▶ **DATA PROVIDED**
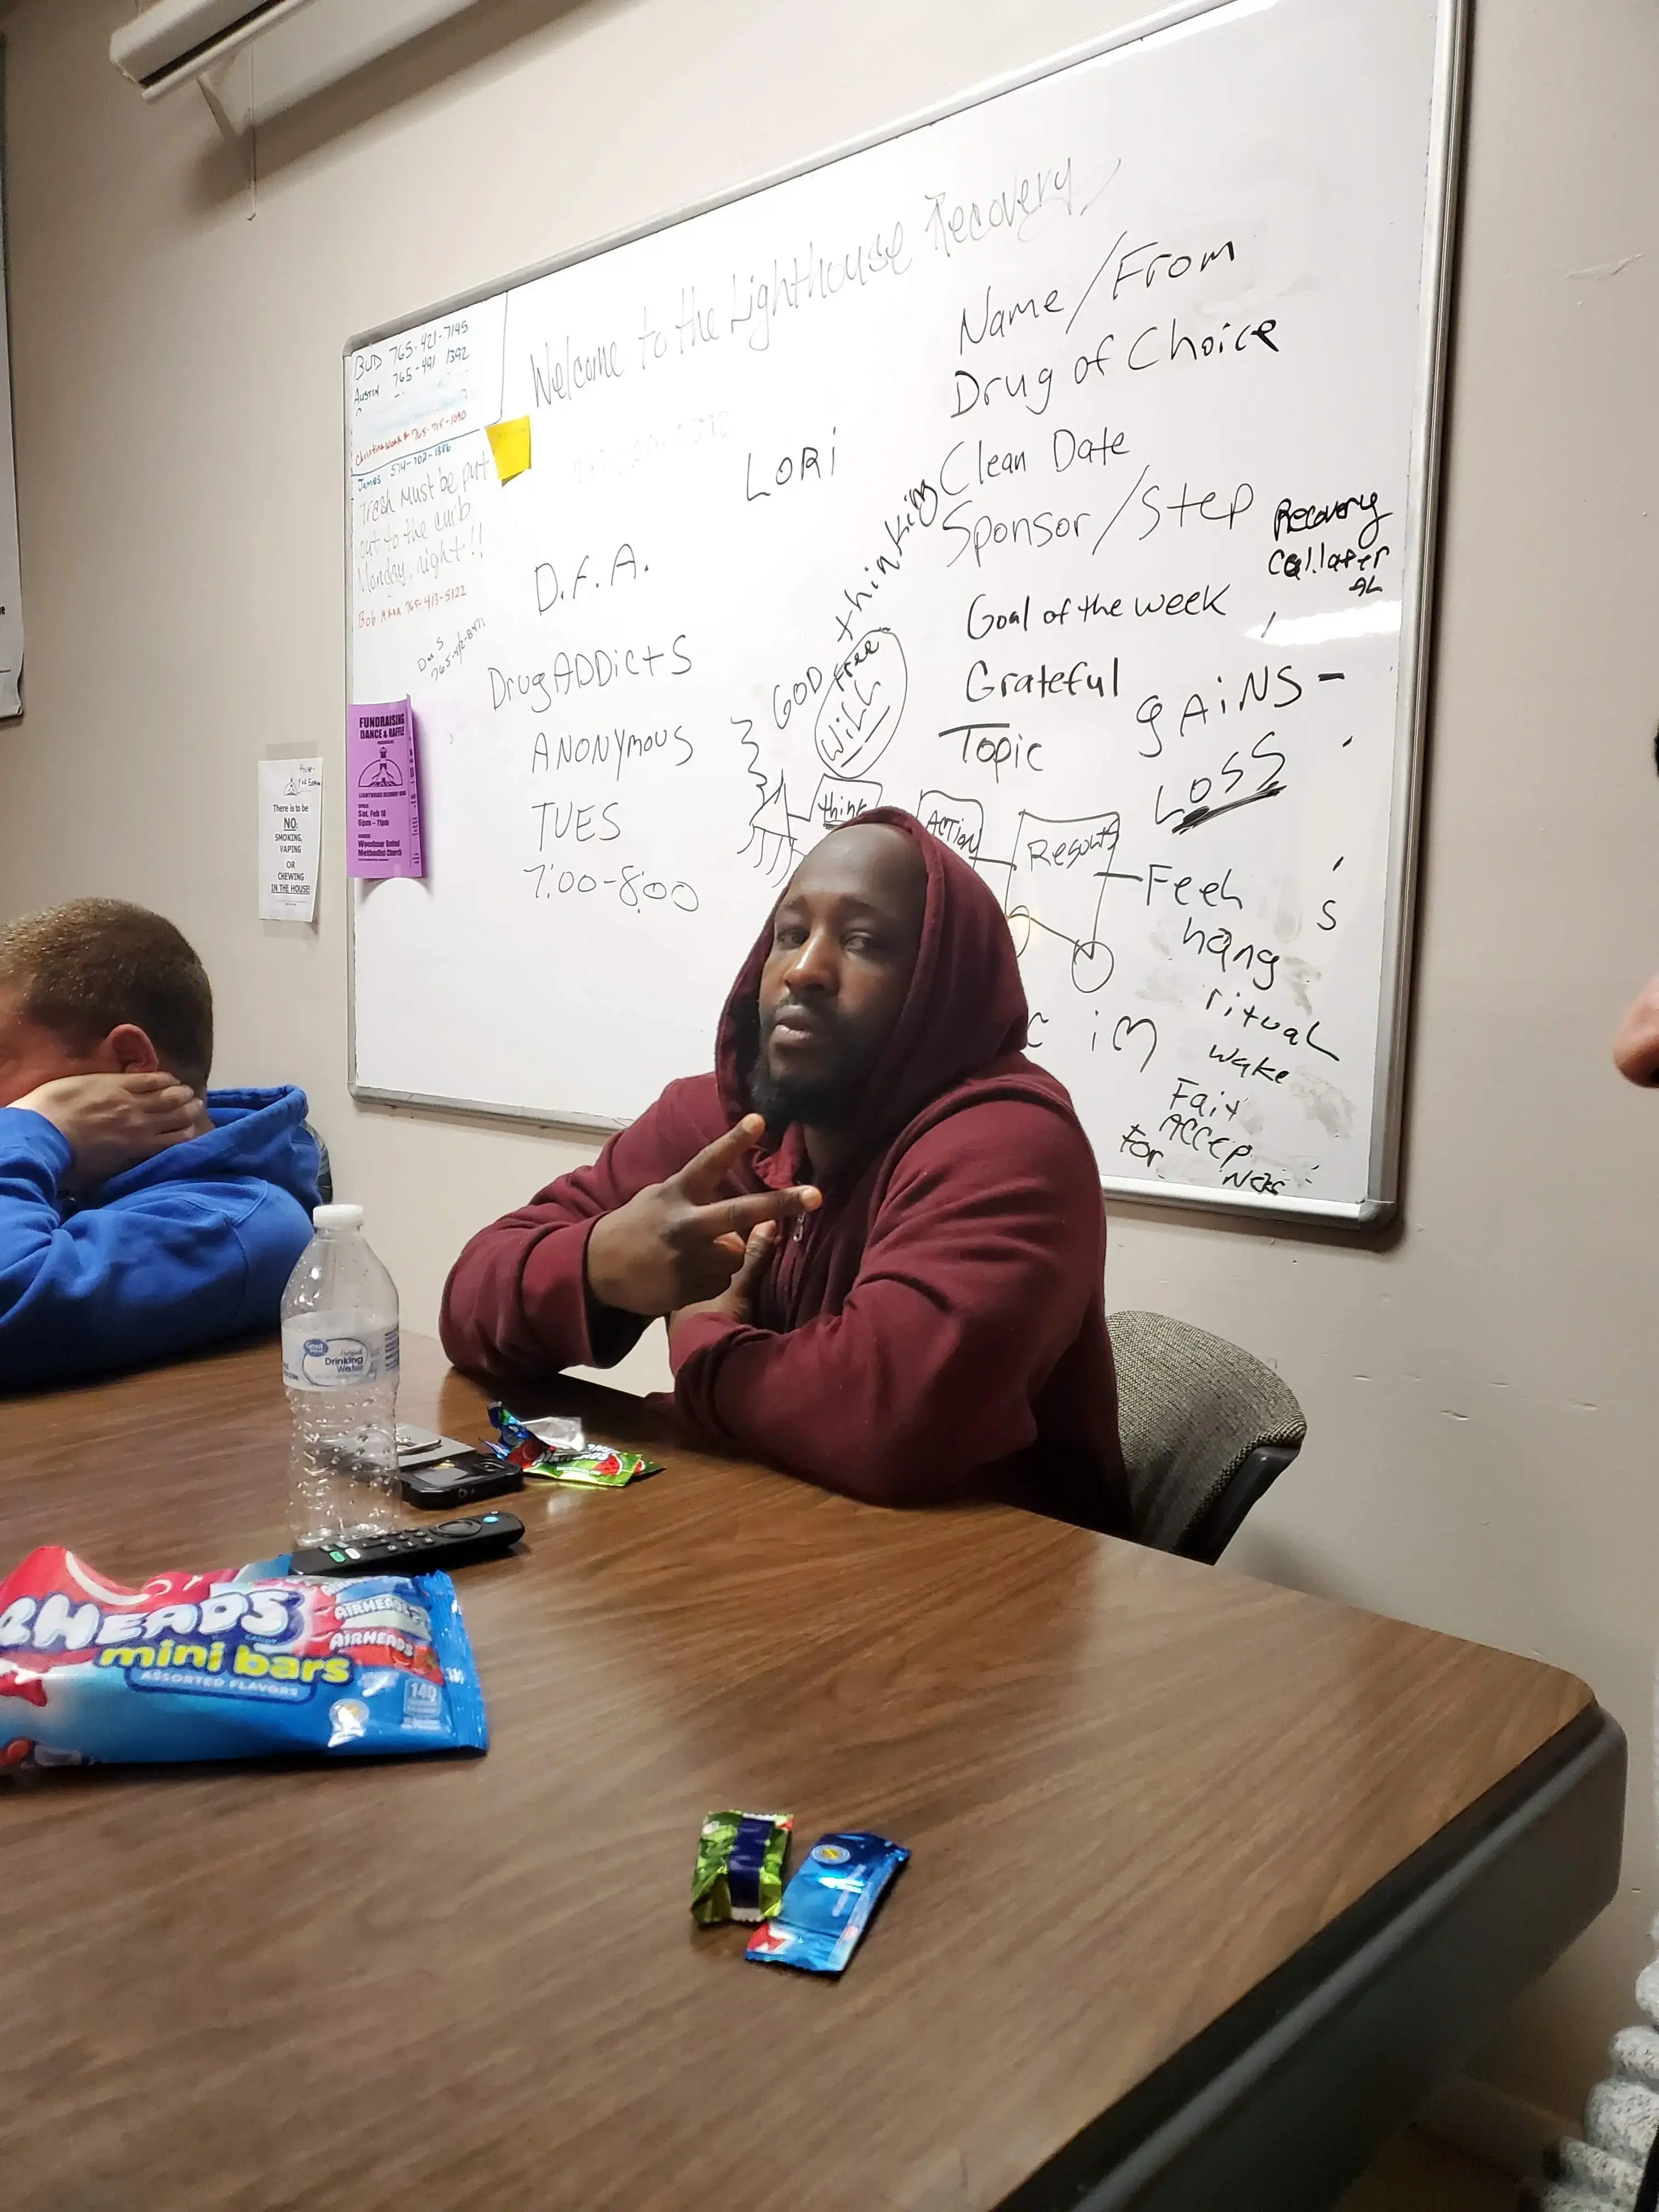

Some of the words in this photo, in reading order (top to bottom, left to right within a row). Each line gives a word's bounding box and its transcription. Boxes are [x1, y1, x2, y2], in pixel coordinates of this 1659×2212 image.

[530, 335, 624, 408] Welcome
[638, 306, 667, 370] to
[675, 286, 720, 354] the
[731, 221, 913, 352] Lighthouse
[356, 354, 383, 381] BUD
[950, 367, 1053, 418] Drug
[1074, 334, 1114, 385] of
[1128, 318, 1279, 370] Choice
[438, 466, 459, 494] be
[462, 450, 490, 493] put
[939, 440, 1026, 495] Clean
[1053, 426, 1130, 473] Date
[360, 530, 380, 559] out
[383, 524, 400, 551] to
[403, 518, 429, 544] the
[434, 496, 471, 532] curb
[967, 593, 1030, 640] Goal
[1043, 598, 1073, 625] of
[1077, 592, 1122, 622] the
[966, 656, 1120, 703] Grateful
[773, 665, 823, 730] GOD
[359, 713, 405, 728] FUNDRAISING
[360, 729, 382, 740] DANCE
[383, 730, 388, 738] &
[389, 726, 405, 738] RAFFLE
[937, 721, 1044, 784] Topic
[273, 804, 289, 812] There
[290, 804, 295, 812] is
[295, 804, 301, 812] to
[302, 804, 309, 812] be
[275, 833, 302, 843] SMOKING,
[531, 801, 621, 853] TUES
[280, 845, 302, 854] VAPING
[278, 872, 304, 881] CHEWING
[286, 861, 296, 869] OR
[271, 883, 278, 892] IN
[279, 884, 289, 893] THE
[325, 1356, 364, 1365] Drinking
[336, 1364, 364, 1373] Water
[330, 1630, 414, 1657] AIRHEADS
[99, 1638, 227, 1673] mini
[234, 1644, 351, 1683] bars
[140, 1670, 224, 1688] ASSORTED
[229, 1679, 298, 1695] FLAVORS

▶ **TASK INSTRUCTIONS**
None of the pictures belong in the copy; transcribe the rest of the data exactly.

▶ **EXERCISE RESULT**
Some of the words in this photo, in reading order (top to bottom, left to right within a row). Each line gives a word's bounding box and its transcription. Boxes are [x1, y1, x2, y2], in pixel coordinates of this 1659×2212 image.

[530, 335, 624, 408] Welcome
[638, 306, 667, 370] to
[675, 286, 720, 354] the
[731, 221, 913, 352] Lighthouse
[356, 354, 383, 381] BUD
[950, 367, 1053, 418] Drug
[1074, 334, 1114, 385] of
[1128, 318, 1279, 370] Choice
[438, 466, 459, 494] be
[462, 450, 490, 493] put
[939, 440, 1026, 495] Clean
[1053, 426, 1130, 473] Date
[360, 530, 380, 559] out
[383, 524, 400, 551] to
[403, 518, 429, 544] the
[434, 496, 471, 532] curb
[967, 593, 1030, 640] Goal
[1043, 598, 1073, 625] of
[1077, 592, 1122, 622] the
[966, 656, 1120, 703] Grateful
[773, 665, 823, 730] GOD
[359, 713, 405, 728] FUNDRAISING
[360, 729, 382, 740] DANCE
[383, 730, 388, 738] &
[389, 726, 405, 738] RAFFLE
[937, 721, 1044, 784] Topic
[273, 804, 289, 812] There
[290, 804, 295, 812] is
[295, 804, 301, 812] to
[302, 804, 309, 812] be
[275, 833, 302, 843] SMOKING,
[531, 801, 621, 853] TUES
[280, 845, 302, 854] VAPING
[278, 872, 304, 881] CHEWING
[286, 861, 296, 869] OR
[271, 883, 278, 892] IN
[279, 884, 289, 893] THE
[325, 1356, 364, 1365] Drinking
[336, 1364, 364, 1373] Water
[330, 1630, 414, 1657] AIRHEADS
[99, 1638, 227, 1673] mini
[234, 1644, 351, 1683] bars
[140, 1670, 224, 1688] ASSORTED
[229, 1679, 298, 1695] FLAVORS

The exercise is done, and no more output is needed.